2^128 unique address. I don't think we'll be exhausting them any time soon. That's like each person on earth have access to roughly 10^38 unique address.
(Deep breath)
When we have colonised the entire observable Universe (at a (hugely over)estimated one habitable planet per star), our descendants* will be able to own about three-quarters of a million cellphones each.**
If you mean we should skip a step while we're at it, we are: we're going straight from 32-bit to 128-bit, rather than 64-bit.
* In before "this is Slashdot".
** 715,925 cellphones should be enough for anyone!
# cat
Damn, my RAM is full of llamas.
Newegg doesn't sell them, but the Apple Airport Express (and any 802.11n based Apple router) supports IPv6. $99 and up. Buffalo had one out in 2007, before their WiFi lawsuit, and has a few more out now. DLink does too.
http://www.sixxs.net/wiki/Routers has a good list.
It will be interesting to see what router manufacturers decide to be nice and offer IPv6 formware upgrades, and which ones push people towards new equipment.
I'll try...
I have no idea of any meaningful measurement of Library of Congress for comparison, sorry.
It takes 39 digits to define the number of addresses in IPv6. Only 10 digits to define the number of addresses in IPv4.

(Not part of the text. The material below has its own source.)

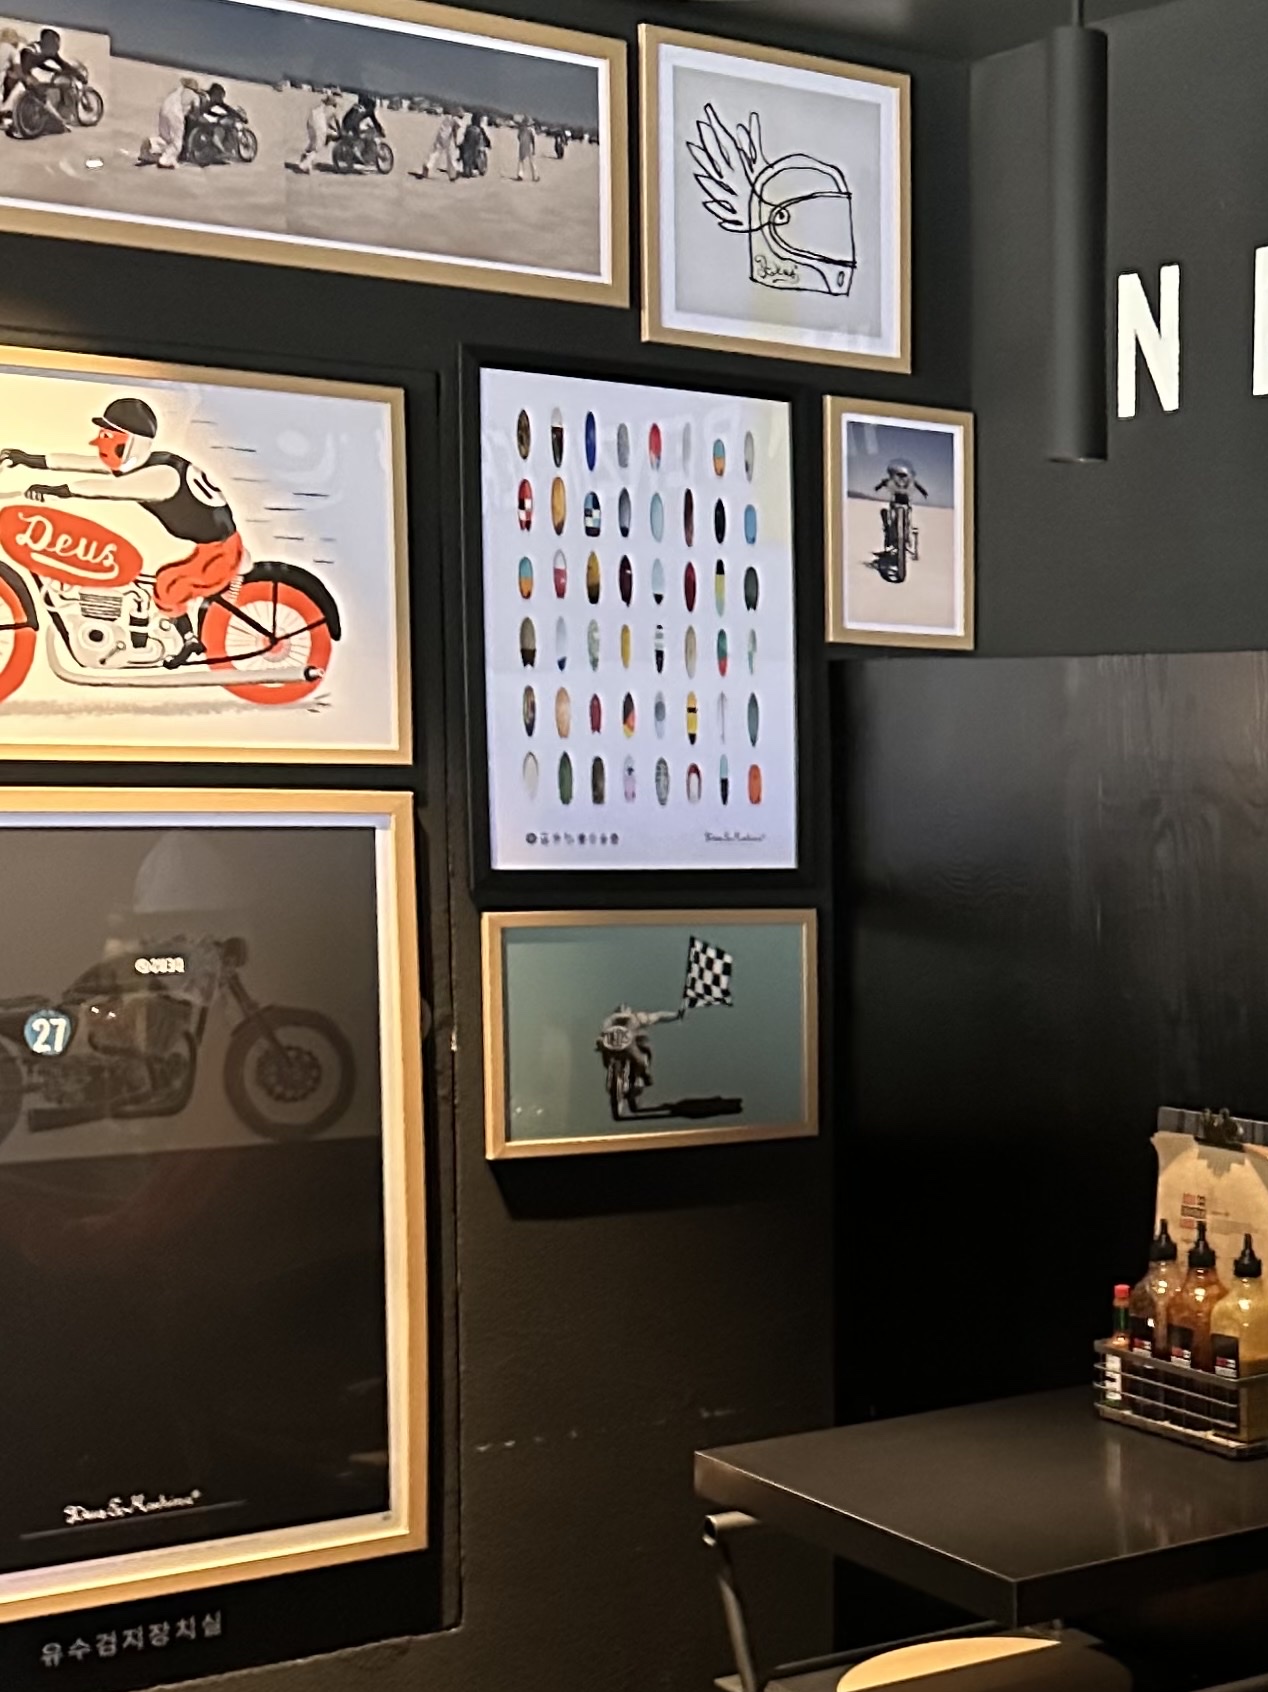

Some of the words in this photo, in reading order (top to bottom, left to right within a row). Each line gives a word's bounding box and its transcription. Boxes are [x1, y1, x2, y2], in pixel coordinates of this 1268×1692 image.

If you treat each address as a unit of mass and consider IPv4 to have mass equivalent of 7 liters of water, then, IPv6 would have mass equivalent roughly to Earth. (The whole earth, including all the oceans, lakes, land masses, people, buildings, etc.)
In IPv4, there are more than 1.5 people alive today for every address.
In IPv6, there are 50,041,524,547,196,832,862,260,971,681 addresses for each person alive today.
Or, perhaps consider the following:
The US public debt is 13,848,000.000,000. If IP addresses were pennies, we would need 3,462 IPv4 internets to pay it off. The IPv6 address space, converted to pennies, OTOH, would pay the public debt more than 24,572,672,365,752,344,270,896,491 times. /64 network worth of pennies, please ;-)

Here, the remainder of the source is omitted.